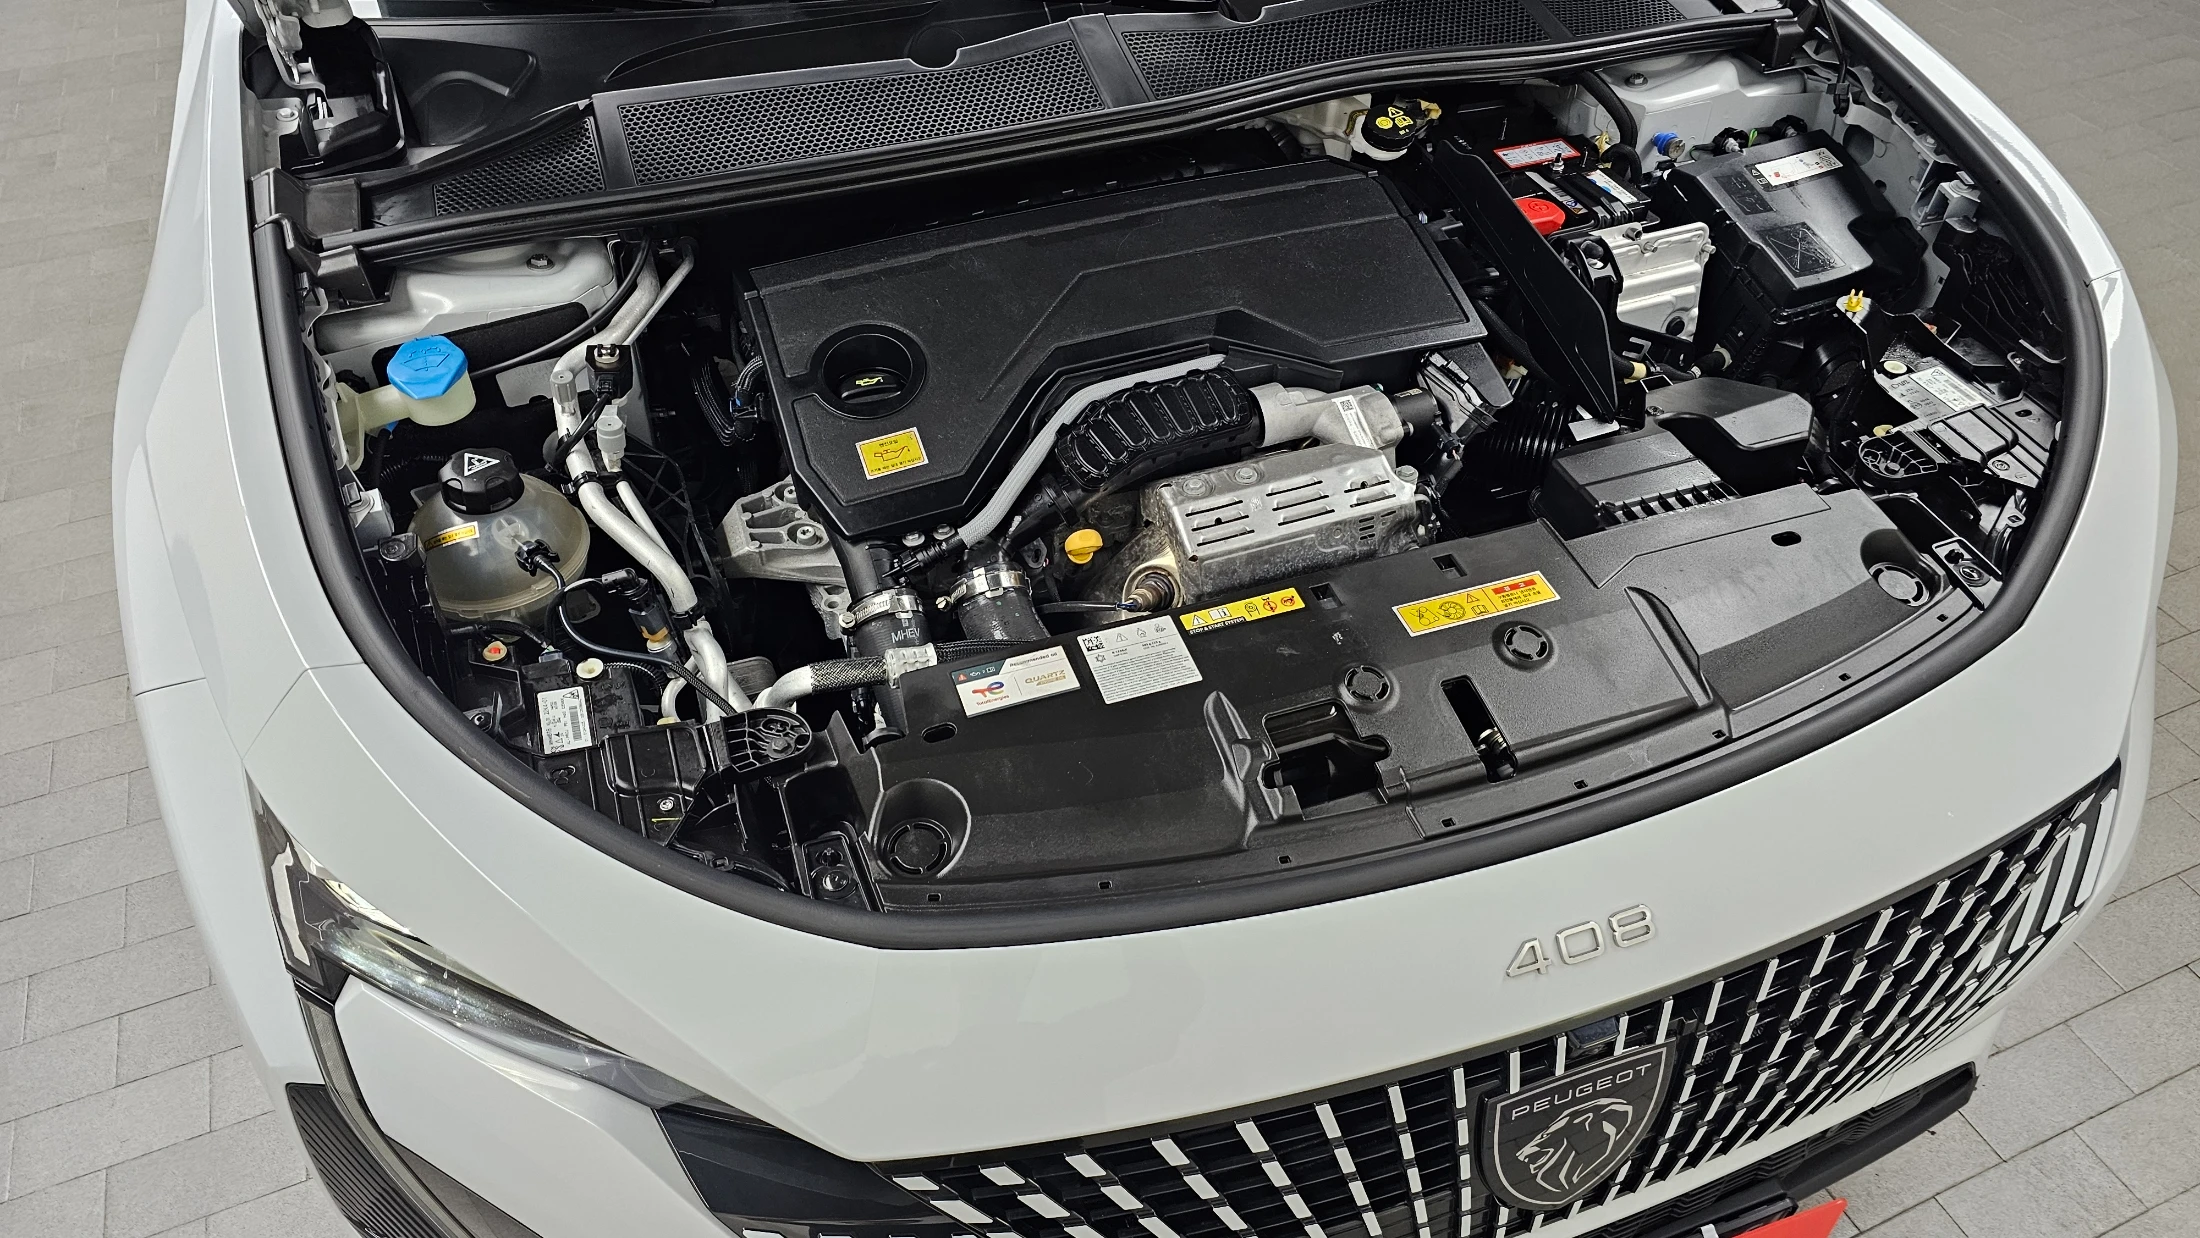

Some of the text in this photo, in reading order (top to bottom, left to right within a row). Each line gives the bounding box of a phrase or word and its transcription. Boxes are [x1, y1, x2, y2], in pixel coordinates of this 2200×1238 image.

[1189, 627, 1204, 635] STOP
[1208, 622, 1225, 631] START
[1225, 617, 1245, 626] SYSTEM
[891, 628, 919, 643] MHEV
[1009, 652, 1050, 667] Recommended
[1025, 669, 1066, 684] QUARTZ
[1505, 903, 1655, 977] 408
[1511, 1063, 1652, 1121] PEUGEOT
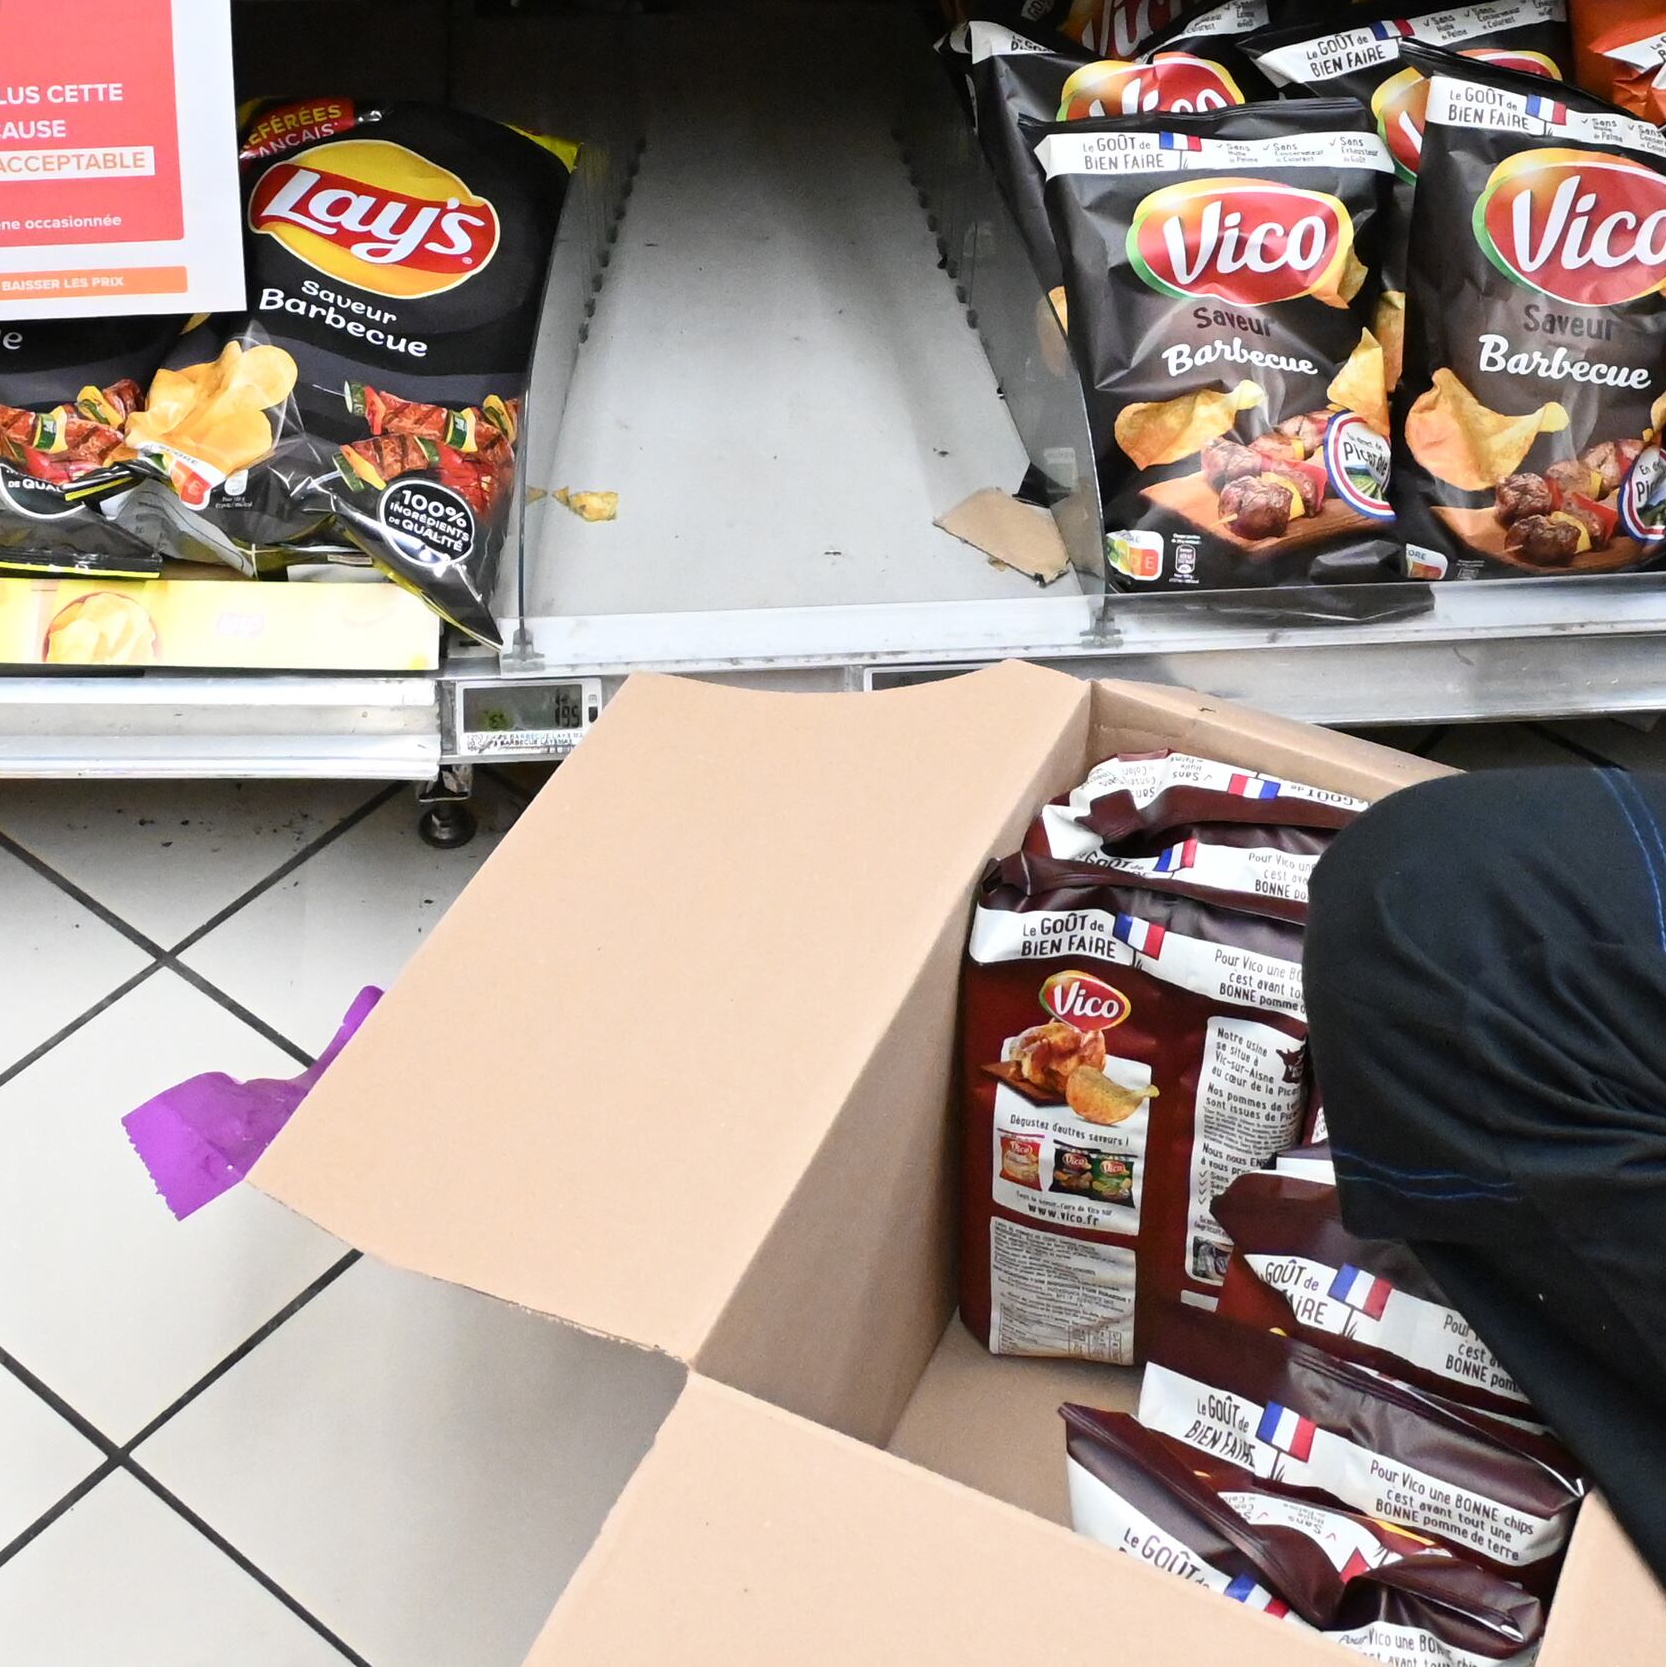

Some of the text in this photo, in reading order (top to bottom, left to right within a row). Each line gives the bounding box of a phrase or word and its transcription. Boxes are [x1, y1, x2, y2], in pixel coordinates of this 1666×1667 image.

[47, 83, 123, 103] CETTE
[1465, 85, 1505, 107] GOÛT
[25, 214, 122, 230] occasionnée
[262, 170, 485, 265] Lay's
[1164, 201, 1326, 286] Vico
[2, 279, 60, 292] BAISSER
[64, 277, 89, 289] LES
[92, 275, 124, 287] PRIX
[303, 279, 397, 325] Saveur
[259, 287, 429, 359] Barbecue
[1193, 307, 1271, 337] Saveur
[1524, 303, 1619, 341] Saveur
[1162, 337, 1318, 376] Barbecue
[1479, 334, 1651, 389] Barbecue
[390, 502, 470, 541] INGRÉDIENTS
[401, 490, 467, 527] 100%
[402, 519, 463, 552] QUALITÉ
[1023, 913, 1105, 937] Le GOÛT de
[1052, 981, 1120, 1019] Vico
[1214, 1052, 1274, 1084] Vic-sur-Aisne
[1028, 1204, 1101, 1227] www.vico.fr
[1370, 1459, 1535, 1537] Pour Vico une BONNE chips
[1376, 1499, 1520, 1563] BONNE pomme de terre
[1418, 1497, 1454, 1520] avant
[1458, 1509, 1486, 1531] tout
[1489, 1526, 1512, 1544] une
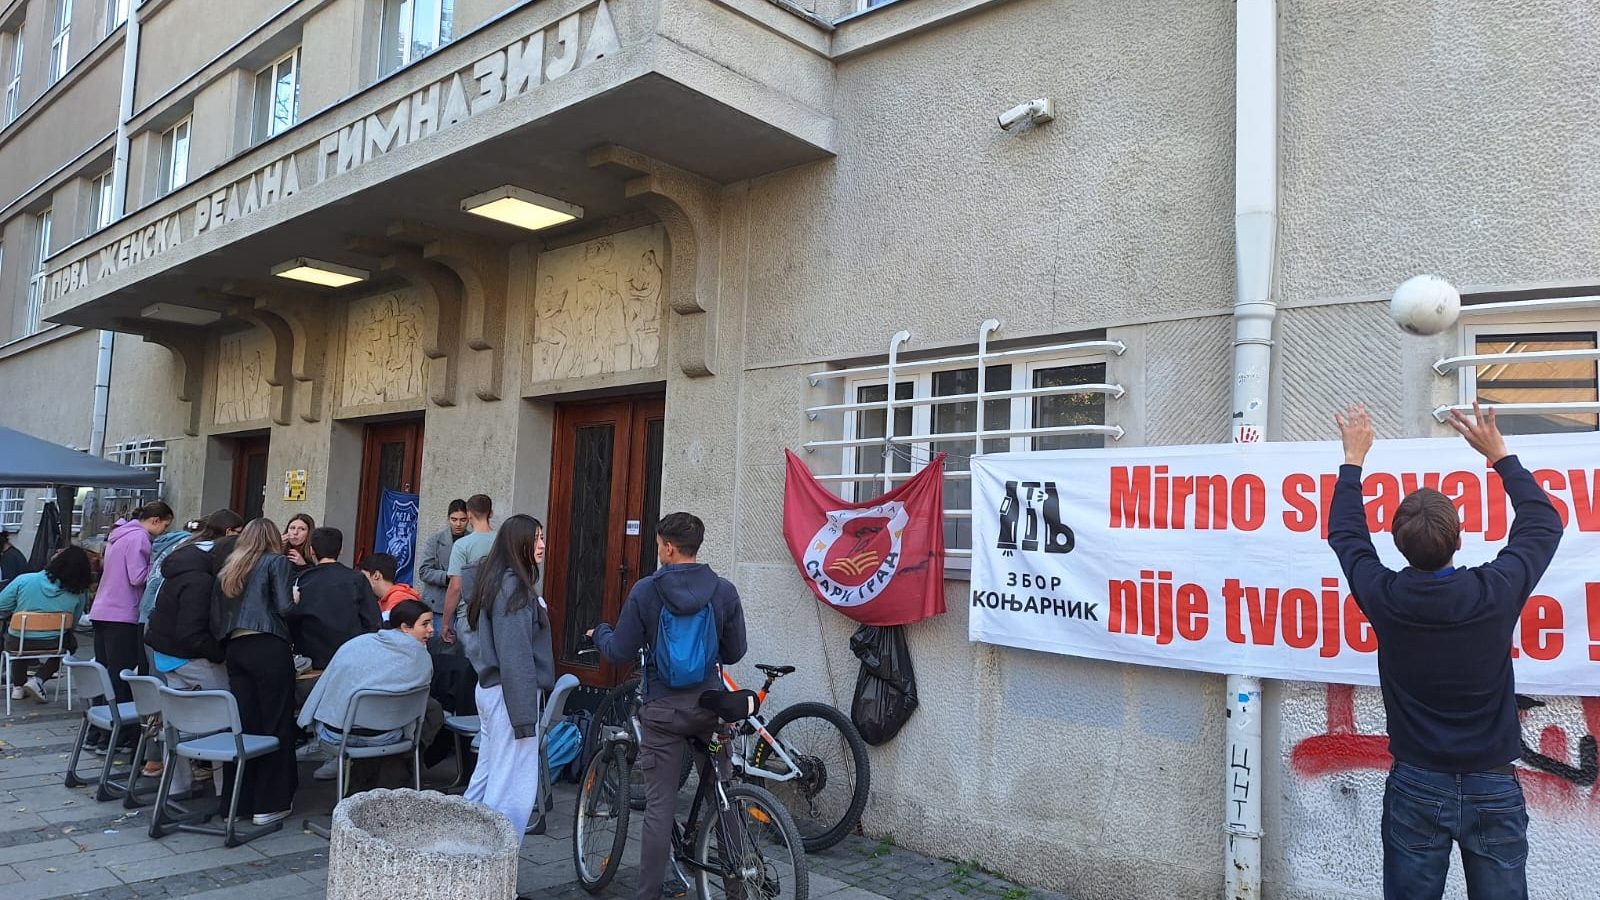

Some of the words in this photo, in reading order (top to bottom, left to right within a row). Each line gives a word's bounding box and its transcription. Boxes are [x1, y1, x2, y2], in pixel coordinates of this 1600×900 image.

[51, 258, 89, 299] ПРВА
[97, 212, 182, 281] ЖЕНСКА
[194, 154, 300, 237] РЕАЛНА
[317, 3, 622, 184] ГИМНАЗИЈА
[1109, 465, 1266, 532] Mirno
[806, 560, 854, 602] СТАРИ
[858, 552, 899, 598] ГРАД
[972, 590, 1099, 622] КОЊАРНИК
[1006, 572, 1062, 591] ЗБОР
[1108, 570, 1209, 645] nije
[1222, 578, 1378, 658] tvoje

───

AIM OF THE TASK
When printing the entries, leave out the images and keep everything else exact.

TASK RESULT
Some of the text in this photo, in reading order (top to bottom, left to right within a row). Each line gives the bounding box of a phrase or word and its transcription. Boxes are [x1, y1, x2, y2], in pixel coordinates of this 2200×1238 image.

[1189, 627, 1204, 635] STOP
[1208, 622, 1225, 631] START
[1225, 617, 1245, 626] SYSTEM
[891, 628, 919, 643] MHEV
[1009, 652, 1050, 667] Recommended
[1025, 669, 1066, 684] QUARTZ
[1505, 903, 1655, 977] 408
[1511, 1063, 1652, 1121] PEUGEOT

Some of the text in this photo, in reading order (top to bottom, left to right within a row). Each line gives the bounding box of a phrase or word and its transcription. Boxes are [x1, y1, x2, y2], in pixel coordinates of this 1666×1667 image.

[47, 83, 123, 103] CETTE
[1465, 85, 1505, 107] GOÛT
[25, 214, 122, 230] occasionnée
[262, 170, 485, 265] Lay's
[1164, 201, 1326, 286] Vico
[2, 279, 60, 292] BAISSER
[64, 277, 89, 289] LES
[92, 275, 124, 287] PRIX
[303, 279, 397, 325] Saveur
[259, 287, 429, 359] Barbecue
[1193, 307, 1271, 337] Saveur
[1524, 303, 1619, 341] Saveur
[1162, 337, 1318, 376] Barbecue
[1479, 334, 1651, 389] Barbecue
[390, 502, 470, 541] INGRÉDIENTS
[401, 490, 467, 527] 100%
[402, 519, 463, 552] QUALITÉ
[1023, 913, 1105, 937] Le GOÛT de
[1052, 981, 1120, 1019] Vico
[1214, 1052, 1274, 1084] Vic-sur-Aisne
[1028, 1204, 1101, 1227] www.vico.fr
[1370, 1459, 1535, 1537] Pour Vico une BONNE chips
[1376, 1499, 1520, 1563] BONNE pomme de terre
[1418, 1497, 1454, 1520] avant
[1458, 1509, 1486, 1531] tout
[1489, 1526, 1512, 1544] une

Some of the words in this photo, in reading order (top to bottom, left to right within a row). Each line gives a word's bounding box and its transcription. Boxes are [x1, y1, x2, y2], in pixel coordinates of this 1600×900 image.

[51, 258, 89, 299] ПРВА
[97, 212, 182, 281] ЖЕНСКА
[194, 154, 300, 237] РЕАЛНА
[317, 3, 622, 184] ГИМНАЗИЈА
[1109, 465, 1266, 532] Mirno
[806, 560, 854, 602] СТАРИ
[858, 552, 899, 598] ГРАД
[972, 590, 1099, 622] КОЊАРНИК
[1006, 572, 1062, 591] ЗБОР
[1108, 570, 1209, 645] nije
[1222, 578, 1378, 658] tvoje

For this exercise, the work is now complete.